:: How to complete this task ::
Where an image appears in the data, omit it and reproduce the rest exactly.

─── Given data ───

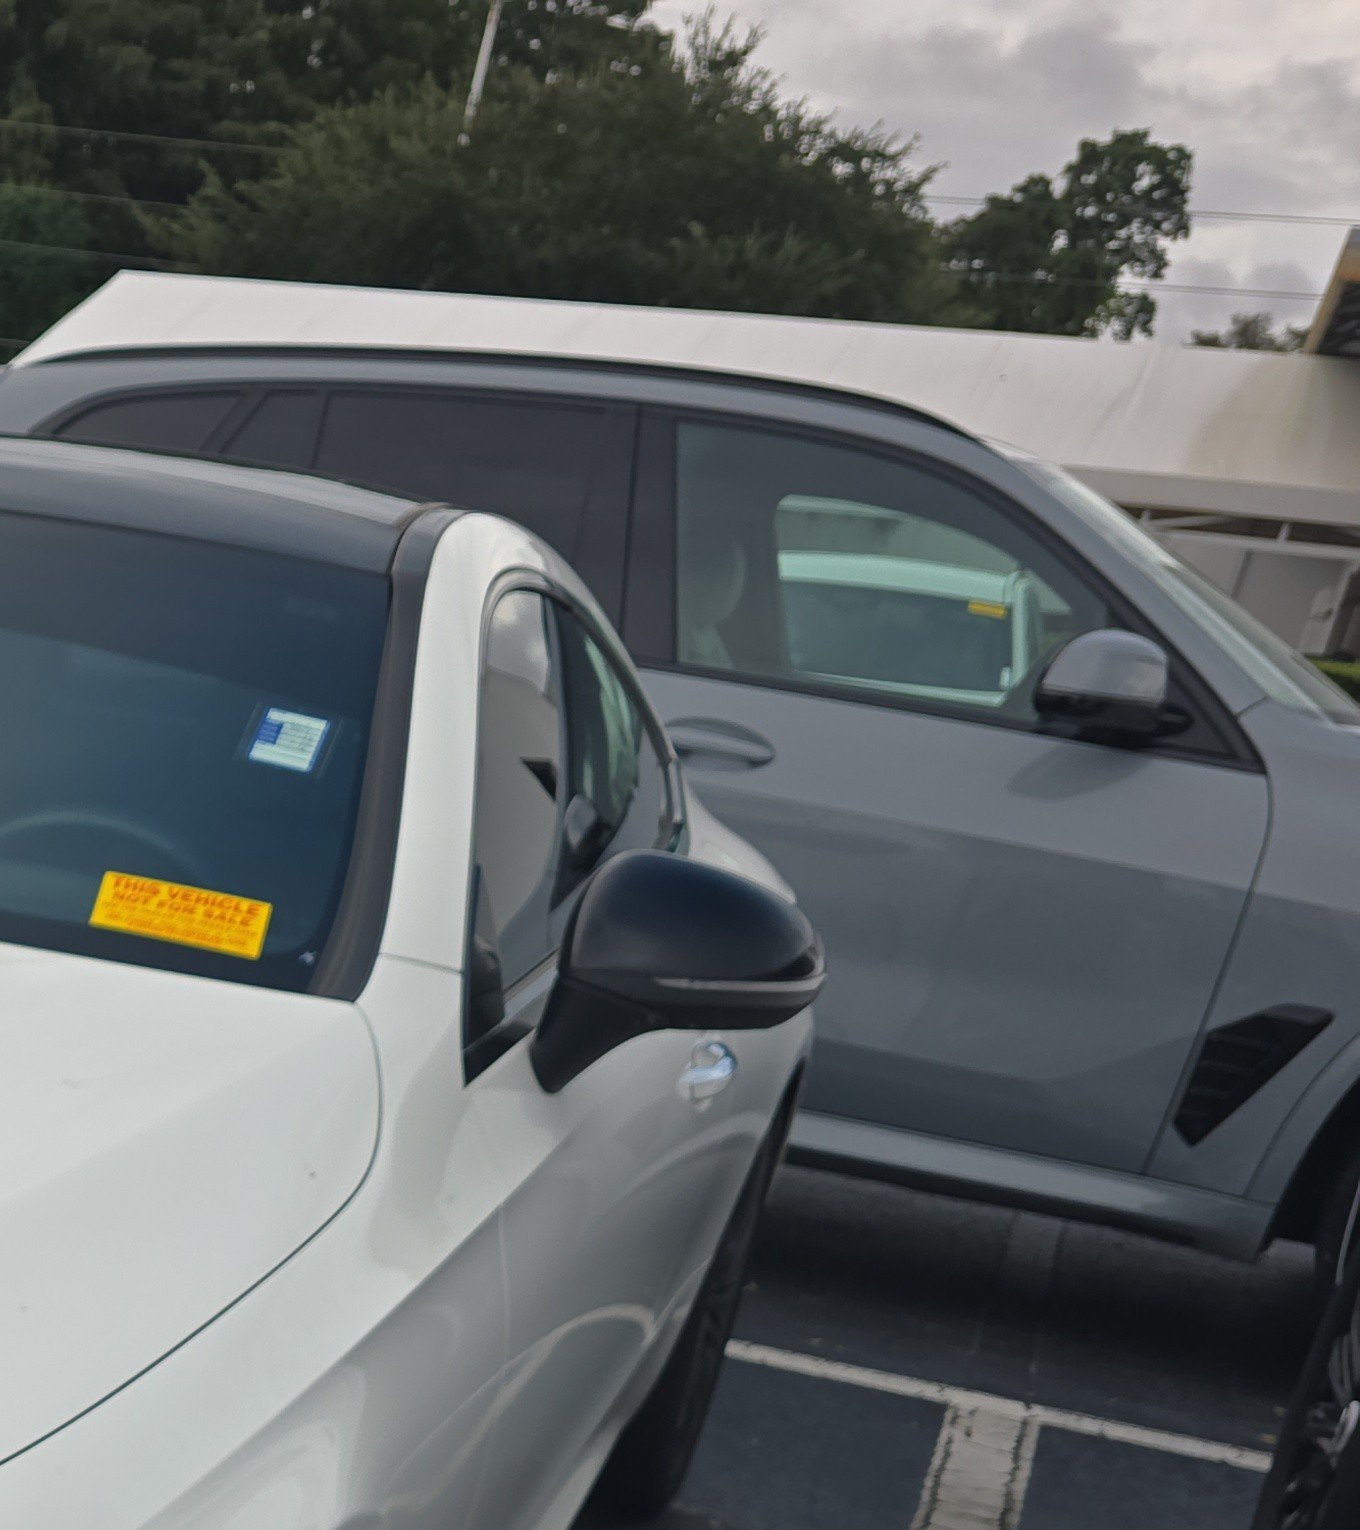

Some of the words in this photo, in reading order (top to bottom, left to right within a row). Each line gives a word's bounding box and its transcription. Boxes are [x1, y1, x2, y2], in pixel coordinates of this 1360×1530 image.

[112, 890, 153, 905] NOT
[156, 899, 197, 914] FOR
[202, 907, 256, 926] SALE
[113, 875, 160, 896] THIS
[168, 886, 262, 915] VEHICLE

───

:: Solution to this exercise ::
Some of the words in this photo, in reading order (top to bottom, left to right within a row). Each line gives a word's bounding box and its transcription. Boxes are [x1, y1, x2, y2], in pixel coordinates of this 1360×1530 image.

[112, 890, 153, 905] NOT
[156, 899, 197, 914] FOR
[202, 907, 256, 926] SALE
[113, 875, 160, 896] THIS
[168, 886, 262, 915] VEHICLE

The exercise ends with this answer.